[[ Provided records, beginning ]]

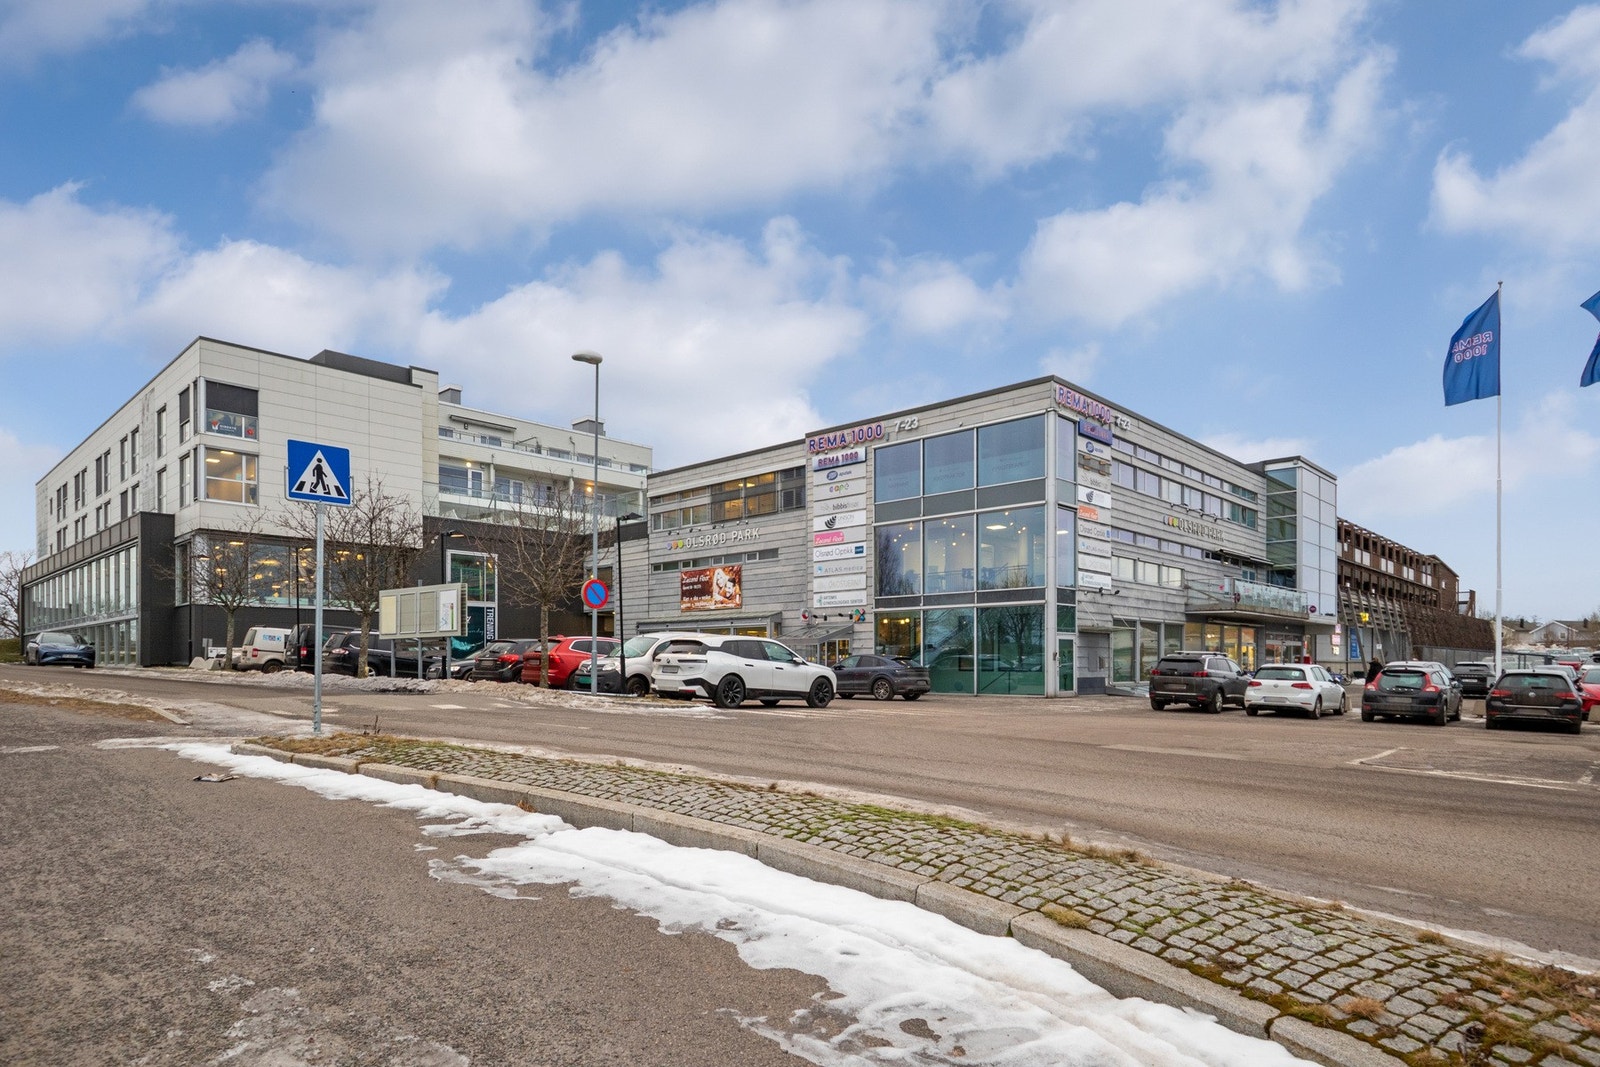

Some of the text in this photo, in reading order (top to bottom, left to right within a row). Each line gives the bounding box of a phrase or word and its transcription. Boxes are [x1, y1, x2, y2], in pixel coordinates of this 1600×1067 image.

[1057, 384, 1111, 423] REMA 1000
[894, 416, 919, 432] 7-23
[808, 422, 885, 454] REMA 1000
[818, 451, 859, 467] REMA 1000
[732, 527, 760, 542] PARK
[486, 607, 495, 640] TRENING
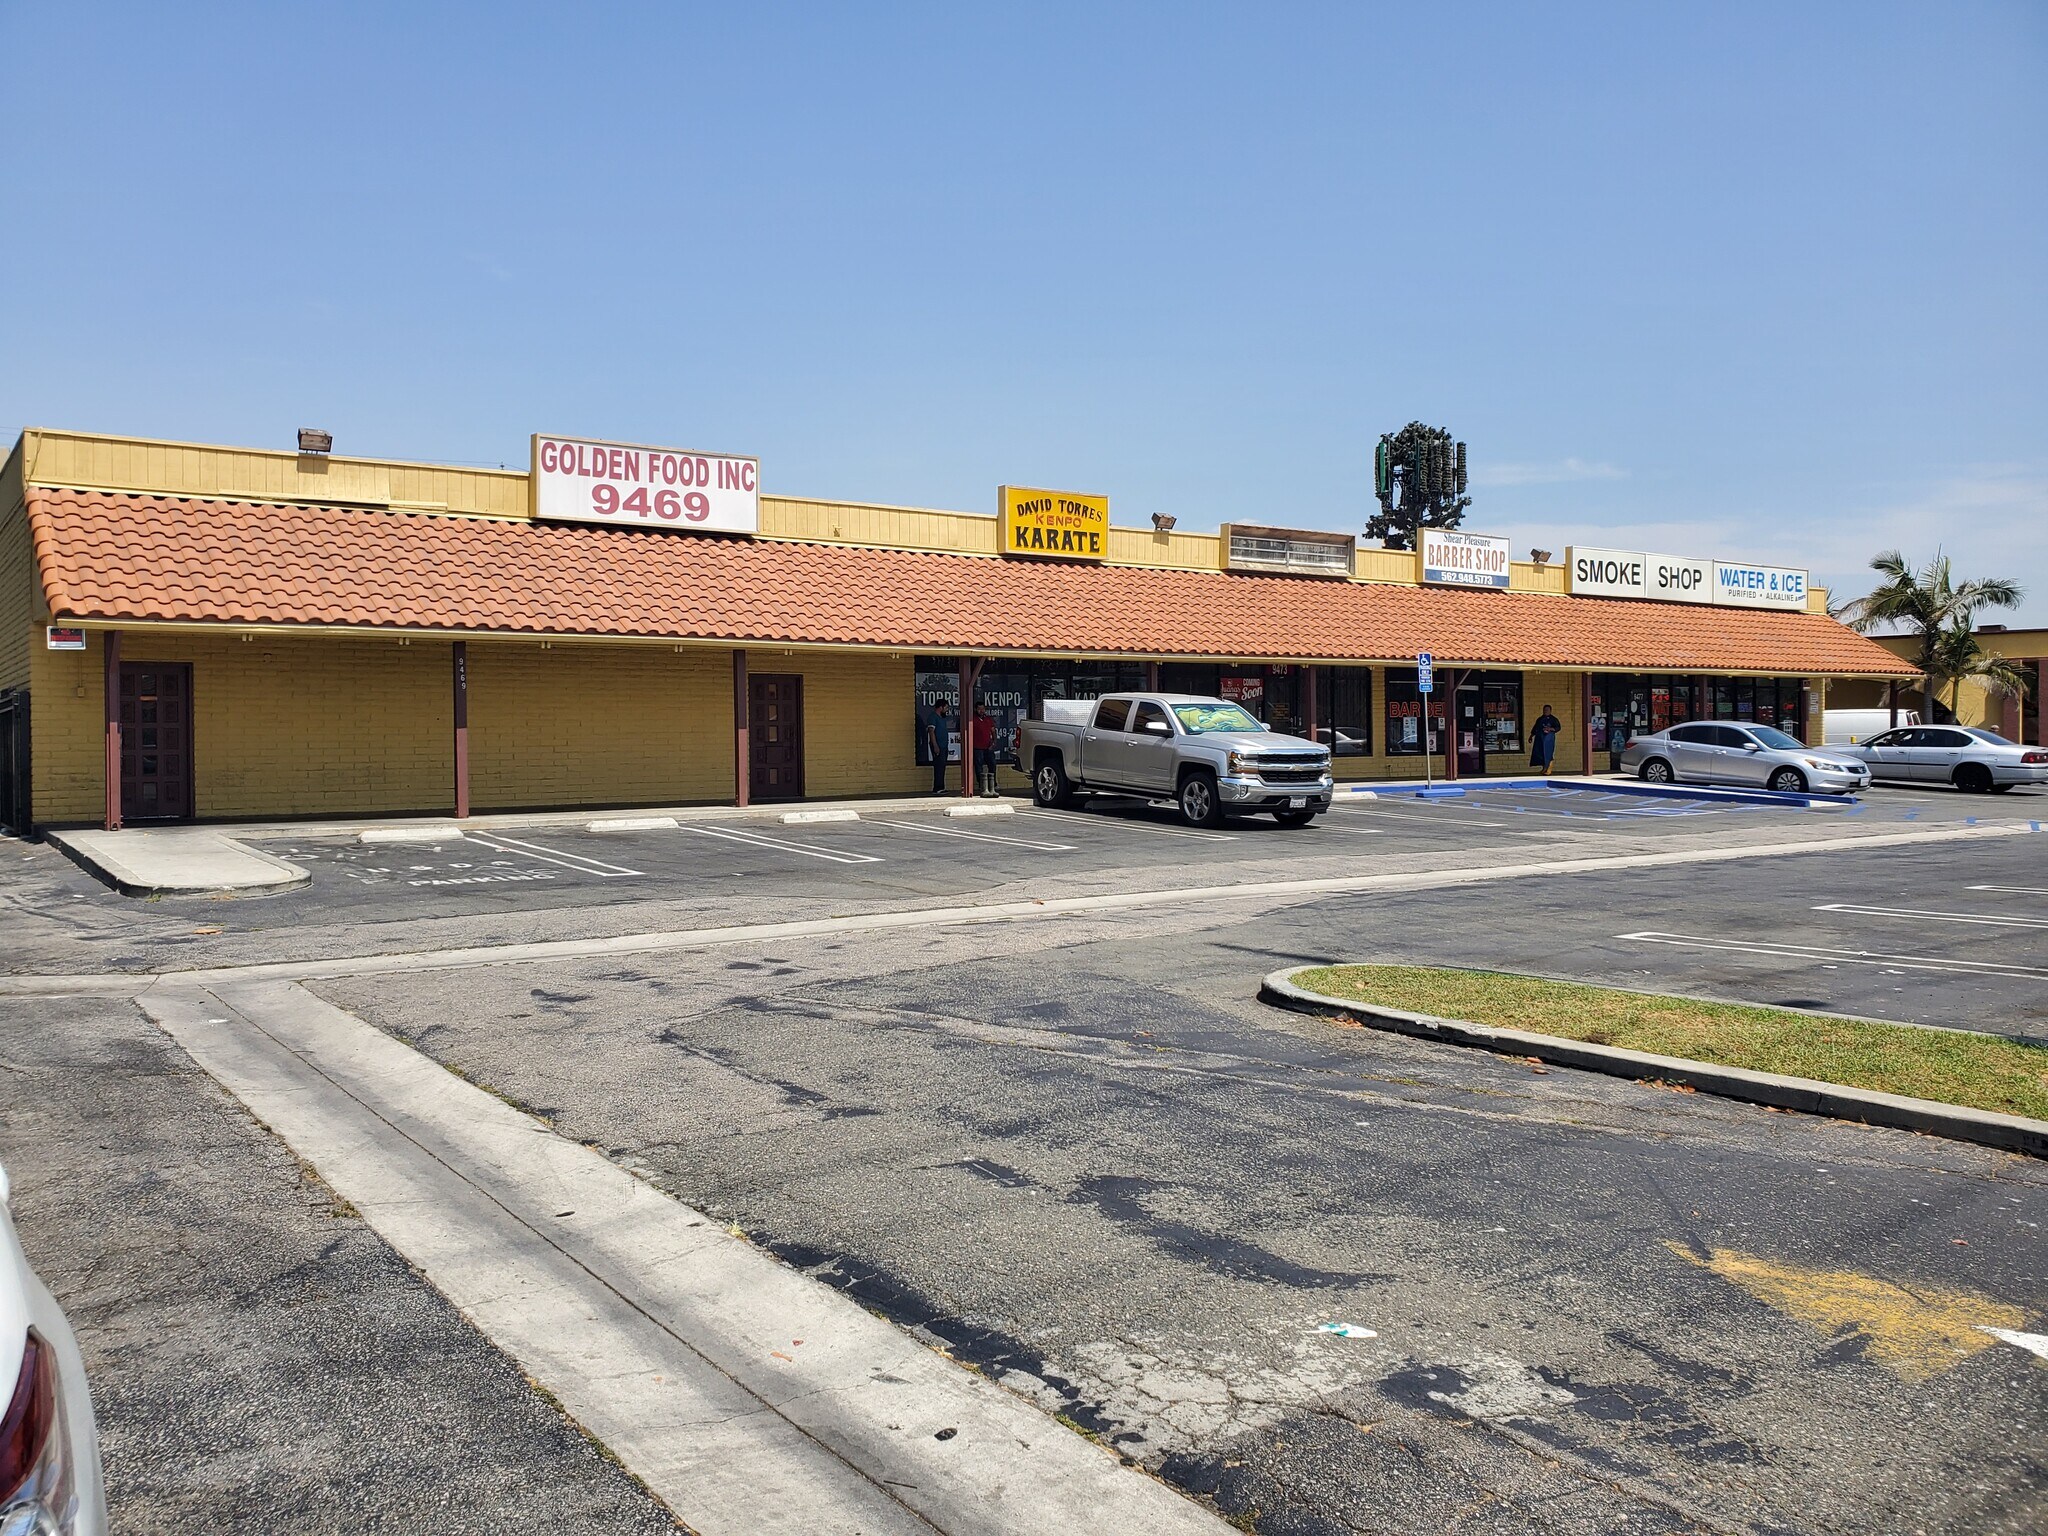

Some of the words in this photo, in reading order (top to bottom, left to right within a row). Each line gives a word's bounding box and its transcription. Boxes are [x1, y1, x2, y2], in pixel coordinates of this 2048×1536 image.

[[ Provided records, end ]]

Your instructions:
All that is needed is an exact copy of the entries above, minus the pictures.

Written solution:
Some of the text in this photo, in reading order (top to bottom, left to right within a row). Each line gives the bounding box of a phrase or word and its transcription. Boxes are [x1, y1, x2, y2], in pixel coordinates of this 1600×1067 image.

[1057, 384, 1111, 423] REMA 1000
[894, 416, 919, 432] 7-23
[808, 422, 885, 454] REMA 1000
[818, 451, 859, 467] REMA 1000
[732, 527, 760, 542] PARK
[486, 607, 495, 640] TRENING

Some of the words in this photo, in reading order (top to bottom, left to right within a row). Each line gives a word's bounding box and its transcription. Boxes are [x1, y1, x2, y2], in pixel coordinates of this 2048×1536 image.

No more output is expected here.